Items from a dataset
++++

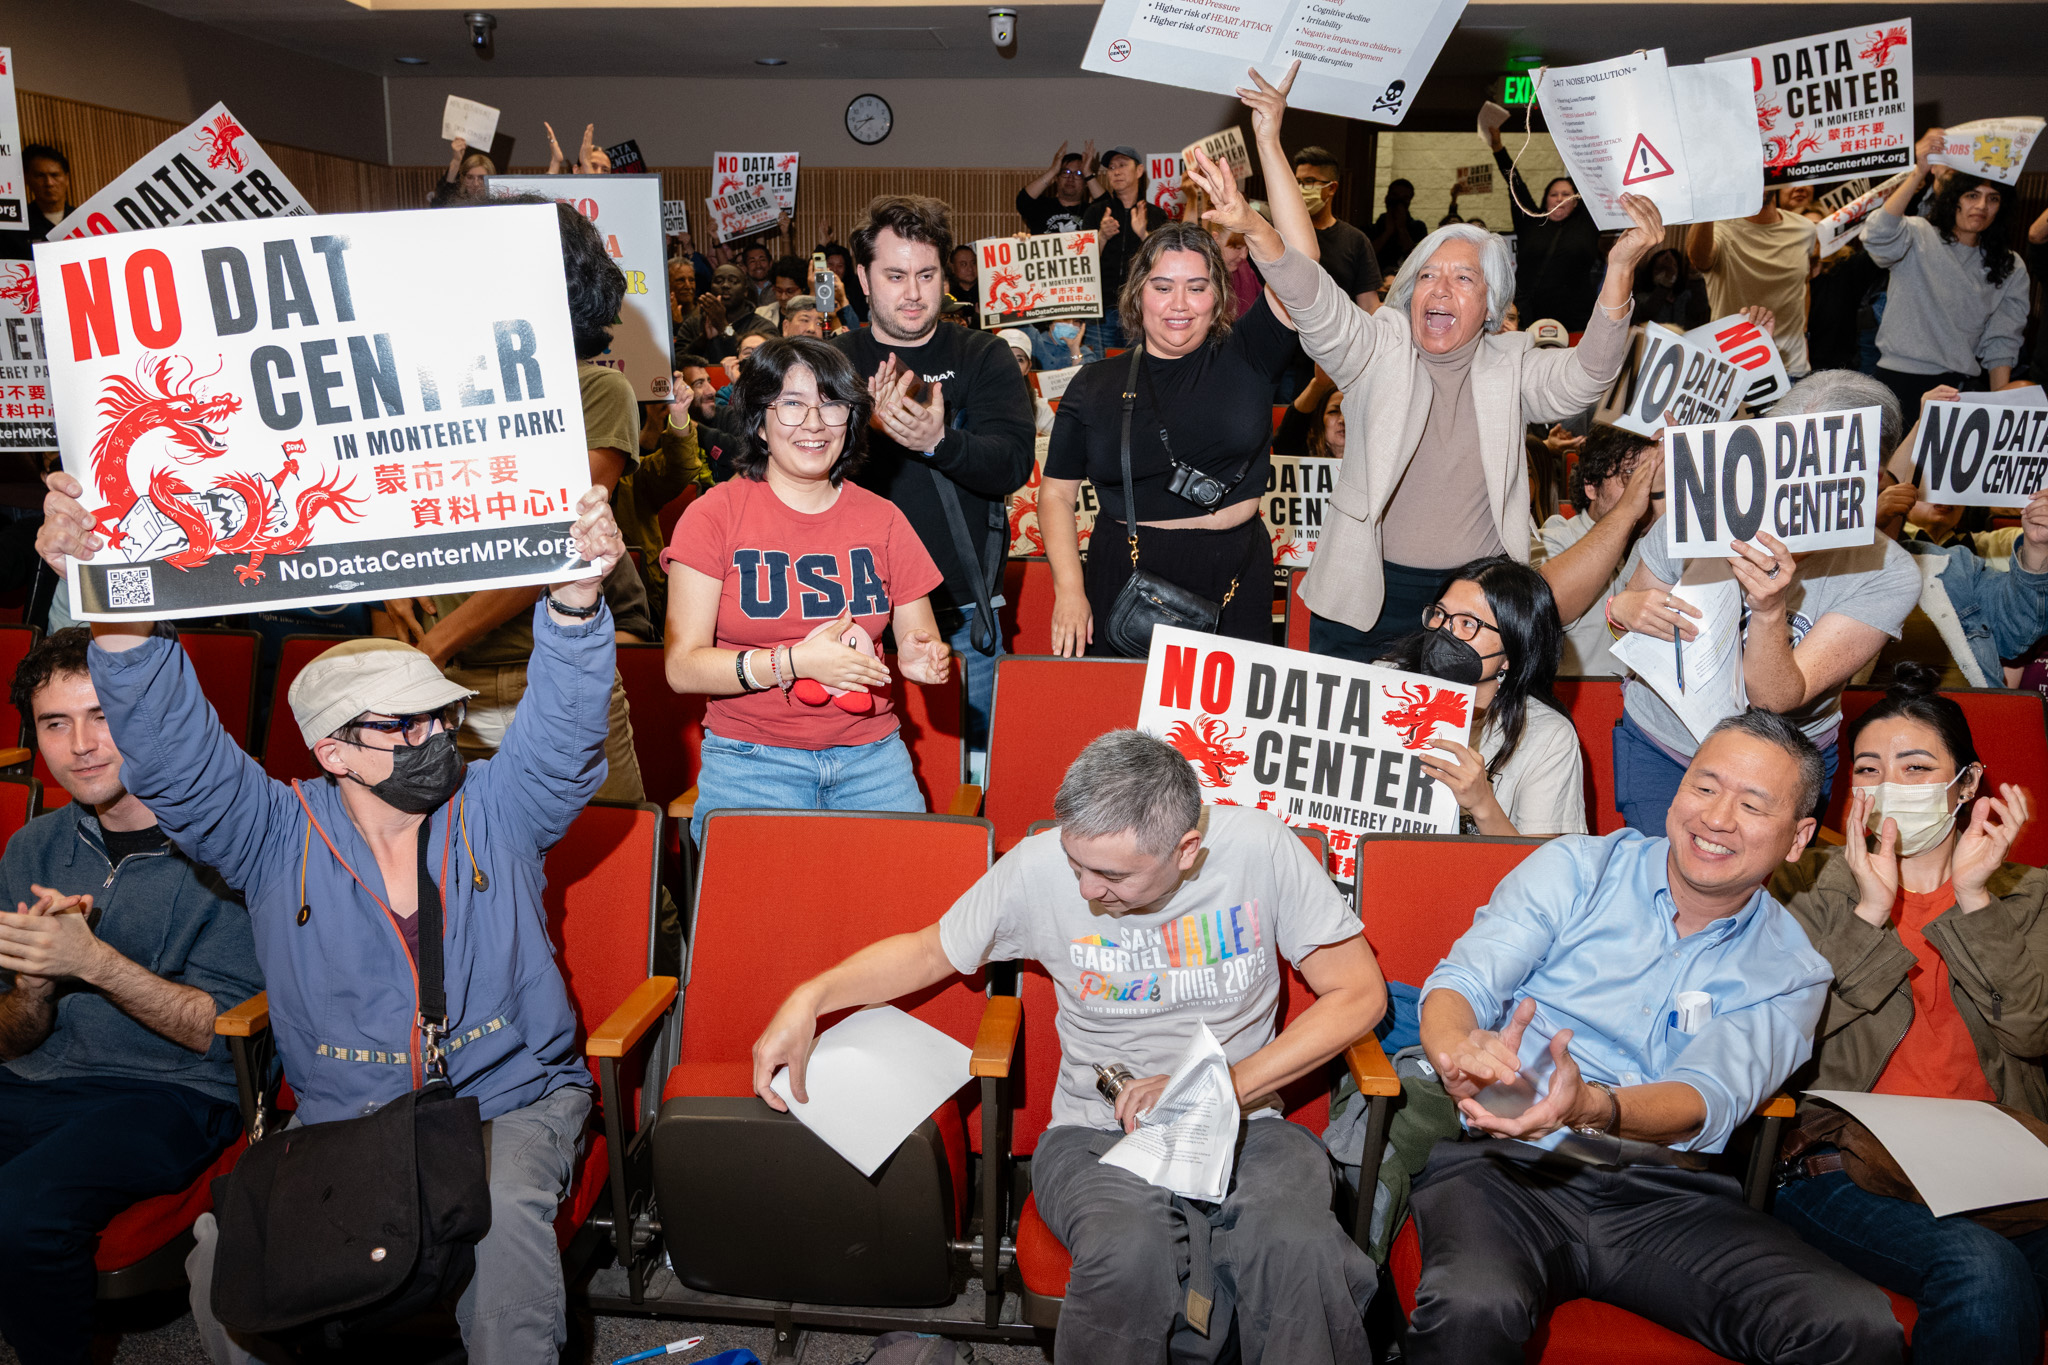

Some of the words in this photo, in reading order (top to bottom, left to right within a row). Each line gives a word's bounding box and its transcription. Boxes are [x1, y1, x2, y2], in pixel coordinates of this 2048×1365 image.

[1155, 2, 1184, 15] Higher
[1184, 9, 1200, 19] risk
[1200, 11, 1212, 20] of
[1211, 13, 1240, 26] HEART
[1239, 20, 1273, 33] ATTACK
[1205, 0, 1240, 13] Pressure
[1312, 4, 1345, 18] Cognitive
[1346, 12, 1371, 23] decline
[1149, 15, 1178, 28] Higher
[1178, 21, 1194, 31] risk
[1195, 24, 1206, 33] of
[1205, 26, 1240, 40] STROKE
[1306, 16, 1343, 31] Irritability
[1295, 39, 1325, 53] memory,
[1325, 44, 1340, 53] and
[1340, 49, 1384, 63] development
[1301, 27, 1332, 41] Negative
[1332, 35, 1360, 47] impacts
[1369, 41, 1402, 54] children's
[1291, 49, 1318, 61] Wildlife
[1317, 55, 1353, 69] disruption
[1772, 39, 1853, 86] DATA
[1553, 79, 1564, 88] 24/7
[1565, 75, 1586, 86] NOISE
[1586, 66, 1631, 83] POLLUTION
[1786, 67, 1899, 119] CENTER
[1814, 118, 1823, 128] IN
[1827, 110, 1875, 127] MONTEREY
[1878, 102, 1906, 117] PARK!
[1205, 132, 1236, 153] DATA
[1604, 137, 1622, 145] ATTACK
[1828, 121, 1885, 141] 蒙市不要
[1208, 145, 1246, 165] ENTER
[1840, 134, 1904, 154] 資料中心!
[1946, 144, 1970, 155] JOBS
[718, 156, 738, 173] NO
[742, 156, 775, 172] DATA
[1151, 157, 1174, 179] NO
[1457, 167, 1469, 178] NO
[1470, 164, 1489, 176] DATA
[1786, 152, 1906, 177] NoDataCenterMPK.org
[113, 152, 217, 231] DATA
[746, 172, 792, 187] CENTER
[1467, 173, 1492, 185] CENTER
[663, 201, 684, 217] DATA
[712, 196, 728, 212] NO
[728, 190, 752, 206] DATA
[735, 197, 768, 215] CENTER
[664, 216, 685, 232] CENTER
[983, 243, 1012, 269] NO
[1016, 237, 1064, 262] DATA
[1024, 256, 1091, 282] CENTER
[1049, 278, 1078, 287] MONTEREY
[1079, 276, 1096, 284] PARK!
[60, 248, 182, 362] NO
[1026, 305, 1098, 317] NoDataCenterMPK.org
[1714, 321, 1772, 371] NO
[923, 370, 956, 383] IMAX
[1606, 331, 1685, 424] NO
[1681, 351, 1738, 408] DATA
[333, 434, 359, 460] IN
[366, 418, 488, 456] MONTEREY
[497, 408, 566, 440] PARK!
[1911, 405, 1991, 494] NO
[373, 454, 519, 495] 蒙市不要
[1265, 464, 1333, 493] DATA
[1672, 424, 1767, 543] NO
[1775, 412, 1867, 480] DATA
[1981, 454, 2048, 495] CENTER
[411, 487, 569, 529] 資料中心!
[1270, 497, 1327, 527] CEN
[1773, 476, 1866, 538] CENTER
[1294, 529, 1303, 539] IN
[279, 536, 577, 582] NoDataCenterMPK.org
[733, 547, 890, 620] USA
[1159, 644, 1235, 715] NO
[1245, 662, 1371, 738] DATA
[1252, 729, 1437, 815] CENTER
[1288, 797, 1301, 815] IN
[1308, 801, 1388, 832] MONTEREY
[1120, 926, 1162, 951] SAN
[1161, 897, 1262, 968] VALLEY
[1069, 944, 1168, 973] GABRIEL
[1079, 970, 1162, 1002] Pride
[1168, 967, 1219, 1004] TOUR
[1222, 946, 1266, 995] 2023
[1151, 1006, 1173, 1014] PRIDE
[1219, 994, 1248, 1005] GABRIEL

++++

Transcribe each record exactly as it stands, setting aside any pictures.

Some of the words in this photo, in reading order (top to bottom, left to right within a row). Each line gives a word's bounding box and its transcription. Boxes are [x1, y1, x2, y2], in pixel coordinates of this 2048×1365 image.

[1155, 2, 1184, 15] Higher
[1184, 9, 1200, 19] risk
[1200, 11, 1212, 20] of
[1211, 13, 1240, 26] HEART
[1239, 20, 1273, 33] ATTACK
[1205, 0, 1240, 13] Pressure
[1312, 4, 1345, 18] Cognitive
[1346, 12, 1371, 23] decline
[1149, 15, 1178, 28] Higher
[1178, 21, 1194, 31] risk
[1195, 24, 1206, 33] of
[1205, 26, 1240, 40] STROKE
[1306, 16, 1343, 31] Irritability
[1295, 39, 1325, 53] memory,
[1325, 44, 1340, 53] and
[1340, 49, 1384, 63] development
[1301, 27, 1332, 41] Negative
[1332, 35, 1360, 47] impacts
[1369, 41, 1402, 54] children's
[1291, 49, 1318, 61] Wildlife
[1317, 55, 1353, 69] disruption
[1772, 39, 1853, 86] DATA
[1553, 79, 1564, 88] 24/7
[1565, 75, 1586, 86] NOISE
[1586, 66, 1631, 83] POLLUTION
[1786, 67, 1899, 119] CENTER
[1814, 118, 1823, 128] IN
[1827, 110, 1875, 127] MONTEREY
[1878, 102, 1906, 117] PARK!
[1205, 132, 1236, 153] DATA
[1604, 137, 1622, 145] ATTACK
[1828, 121, 1885, 141] 蒙市不要
[1208, 145, 1246, 165] ENTER
[1840, 134, 1904, 154] 資料中心!
[1946, 144, 1970, 155] JOBS
[718, 156, 738, 173] NO
[742, 156, 775, 172] DATA
[1151, 157, 1174, 179] NO
[1457, 167, 1469, 178] NO
[1470, 164, 1489, 176] DATA
[1786, 152, 1906, 177] NoDataCenterMPK.org
[113, 152, 217, 231] DATA
[746, 172, 792, 187] CENTER
[1467, 173, 1492, 185] CENTER
[663, 201, 684, 217] DATA
[712, 196, 728, 212] NO
[728, 190, 752, 206] DATA
[735, 197, 768, 215] CENTER
[664, 216, 685, 232] CENTER
[983, 243, 1012, 269] NO
[1016, 237, 1064, 262] DATA
[1024, 256, 1091, 282] CENTER
[1049, 278, 1078, 287] MONTEREY
[1079, 276, 1096, 284] PARK!
[60, 248, 182, 362] NO
[1026, 305, 1098, 317] NoDataCenterMPK.org
[1714, 321, 1772, 371] NO
[923, 370, 956, 383] IMAX
[1606, 331, 1685, 424] NO
[1681, 351, 1738, 408] DATA
[333, 434, 359, 460] IN
[366, 418, 488, 456] MONTEREY
[497, 408, 566, 440] PARK!
[1911, 405, 1991, 494] NO
[373, 454, 519, 495] 蒙市不要
[1265, 464, 1333, 493] DATA
[1672, 424, 1767, 543] NO
[1775, 412, 1867, 480] DATA
[1981, 454, 2048, 495] CENTER
[411, 487, 569, 529] 資料中心!
[1270, 497, 1327, 527] CEN
[1773, 476, 1866, 538] CENTER
[1294, 529, 1303, 539] IN
[279, 536, 577, 582] NoDataCenterMPK.org
[733, 547, 890, 620] USA
[1159, 644, 1235, 715] NO
[1245, 662, 1371, 738] DATA
[1252, 729, 1437, 815] CENTER
[1288, 797, 1301, 815] IN
[1308, 801, 1388, 832] MONTEREY
[1120, 926, 1162, 951] SAN
[1161, 897, 1262, 968] VALLEY
[1069, 944, 1168, 973] GABRIEL
[1079, 970, 1162, 1002] Pride
[1168, 967, 1219, 1004] TOUR
[1222, 946, 1266, 995] 2023
[1151, 1006, 1173, 1014] PRIDE
[1219, 994, 1248, 1005] GABRIEL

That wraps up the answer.